Bandwidth sharing (or “fair scheduling”) shares bandwidth on a host link equally between active connections. But Ousterhout argues that this impacts short messages disproportionately, leading to much higher tail latencies under load.

Why is Homa better?

The main thrust of Homa is that it fixes all of these issues. It’s message oriented, so work arrives in dispatchable units. It’s connectionless, so there’s no setup or ongoing overhead. It can be delivered out of order, allowing packet spraying–balancing load evenly across network links. It also lets receivers control congestion through a kind of token bucket method. Senders can only send packets in response to grants from a receiver, so the receiver can limit congestion and use grants to prioritize certain (shorter) messages.

Graph displaying the comparative slowdown between Homa, TCP, and DTCP. Homa appears to have a much better slowdown ratio throughout

The only data provided in this paper is a graph displaying the 99th percentile slowdown on a loaded network. This took me a little while to parse so I’m going to talk my way through my understanding. As this is the slowdown, it’s graphing the ratio between the latency of messages in an unloaded, vs loaded network. It’s essentially showing how much slower the p99 is when the network is loaded, vs unloaded for each of these protocols, so we can see that for Homa, messages are about 6-10X slower under load for the p99, while for TCP it’s over 100X for small messages, dropping down to a little under 20X for 1M messages.

I found this a little confusing of a way to present the information, but it gets the message across! Homa is clearly designed to benefit tail latencies for smaller messages.

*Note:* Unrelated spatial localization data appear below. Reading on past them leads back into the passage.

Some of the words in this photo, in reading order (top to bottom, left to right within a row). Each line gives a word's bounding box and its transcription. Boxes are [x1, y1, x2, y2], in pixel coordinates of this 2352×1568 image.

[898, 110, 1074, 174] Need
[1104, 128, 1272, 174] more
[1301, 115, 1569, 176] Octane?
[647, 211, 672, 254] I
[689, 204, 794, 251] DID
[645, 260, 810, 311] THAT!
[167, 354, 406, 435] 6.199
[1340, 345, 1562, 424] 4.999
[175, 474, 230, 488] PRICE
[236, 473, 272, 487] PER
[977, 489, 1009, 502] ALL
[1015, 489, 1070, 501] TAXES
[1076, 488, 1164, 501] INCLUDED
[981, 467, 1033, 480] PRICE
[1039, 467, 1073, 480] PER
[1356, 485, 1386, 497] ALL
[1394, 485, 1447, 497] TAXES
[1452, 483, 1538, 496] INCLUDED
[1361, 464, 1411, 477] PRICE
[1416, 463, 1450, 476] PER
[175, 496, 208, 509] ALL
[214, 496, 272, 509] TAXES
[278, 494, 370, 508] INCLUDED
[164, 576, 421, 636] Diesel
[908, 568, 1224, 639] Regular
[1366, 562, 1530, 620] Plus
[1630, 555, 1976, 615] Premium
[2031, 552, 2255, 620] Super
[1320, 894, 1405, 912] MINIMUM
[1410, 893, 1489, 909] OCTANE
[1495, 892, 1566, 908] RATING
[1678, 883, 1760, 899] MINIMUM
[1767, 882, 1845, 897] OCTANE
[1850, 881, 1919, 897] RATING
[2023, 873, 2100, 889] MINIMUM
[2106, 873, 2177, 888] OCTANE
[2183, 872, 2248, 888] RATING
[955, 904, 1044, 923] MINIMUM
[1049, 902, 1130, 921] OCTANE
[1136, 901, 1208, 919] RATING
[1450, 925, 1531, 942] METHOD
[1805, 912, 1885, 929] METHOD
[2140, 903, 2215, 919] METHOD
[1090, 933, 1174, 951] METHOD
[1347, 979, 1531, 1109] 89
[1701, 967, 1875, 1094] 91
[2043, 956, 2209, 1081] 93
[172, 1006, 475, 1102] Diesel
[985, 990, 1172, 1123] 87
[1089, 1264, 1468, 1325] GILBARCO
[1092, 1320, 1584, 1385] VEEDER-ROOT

But what about encryption?

My big question reading this paper was the lack of any mention of encryption. TCP works very well with TLS and there are so many easy to set up integrations. There’s no excuse or reason to have datacenter traffic containing customer data communicating over plaintext. Although I believe there are existing standards for protocols like this, such as DTLS for datagrams and UDP, it would be great to have some kind of mention about how encryption fits into the picture.

What else is out there?

There are other protocols in the space. Discussing this paper with colleagues, I learned about the SRD protocol which is used by Elastic Block Store for high throughput. SRD takes advantage of many of the same improvements that Homa does, such as packet spraying through a network. This means packets can arrive unordered (which the protocol then handles) but the common case is in order. In cases like this, the work is already being done, however, EBS (even within AWS) is relatively unique in its needs. This paper does mention other alternatives, mainly Infiniband, but it doesn’t mention SRD.

Conclusion

I found this a fun read. Like a lot of foundational software, TCP becomes one of those things that you rarely think about not using. It’s a strong default for many good reasons. TCP is incredibly common, almost any host that you can think of has a TCP implementation, and because its so common its been heavily optimised over the years.

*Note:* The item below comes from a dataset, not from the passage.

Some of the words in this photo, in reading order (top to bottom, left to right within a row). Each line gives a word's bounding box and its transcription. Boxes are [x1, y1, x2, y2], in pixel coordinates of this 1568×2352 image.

But it’s always worth revisiting building blocks as things change, particularly the most common ones. Saving resources at the lower levels can be so powerful because they are so common. Saving 1% on a $100M cost can justify spending a lot more engineering time than saving 90% on $1000.

However, I don’t know if this seems to be one of those cases. TCP is just so ubiquitous, and so well optimised already, that for 95% of use cases it’s not worth the effort to switch. With every new technology there are new operational scars to learn. The further out on the bleeding edge you are, the more you have to debug yourself. I think for extremely high throughput systems where you have control over the vertical system it will make sense. I definitely agree with the position that integrating any such protocol with a few major RP frameworks is the best start to get things off the ground. I’ll be interested to see over the next few years how this space continues to develop.

  1. Don’t blame an old lit grad for forcing the alliteration 

  2. I’m not sure I fully agree here as many serverless applications end up keeping the compute around to amortise setup costs. For example, AWS Lambda will keep your function running for a time after execution and reuse the micro-VM if another request comes in.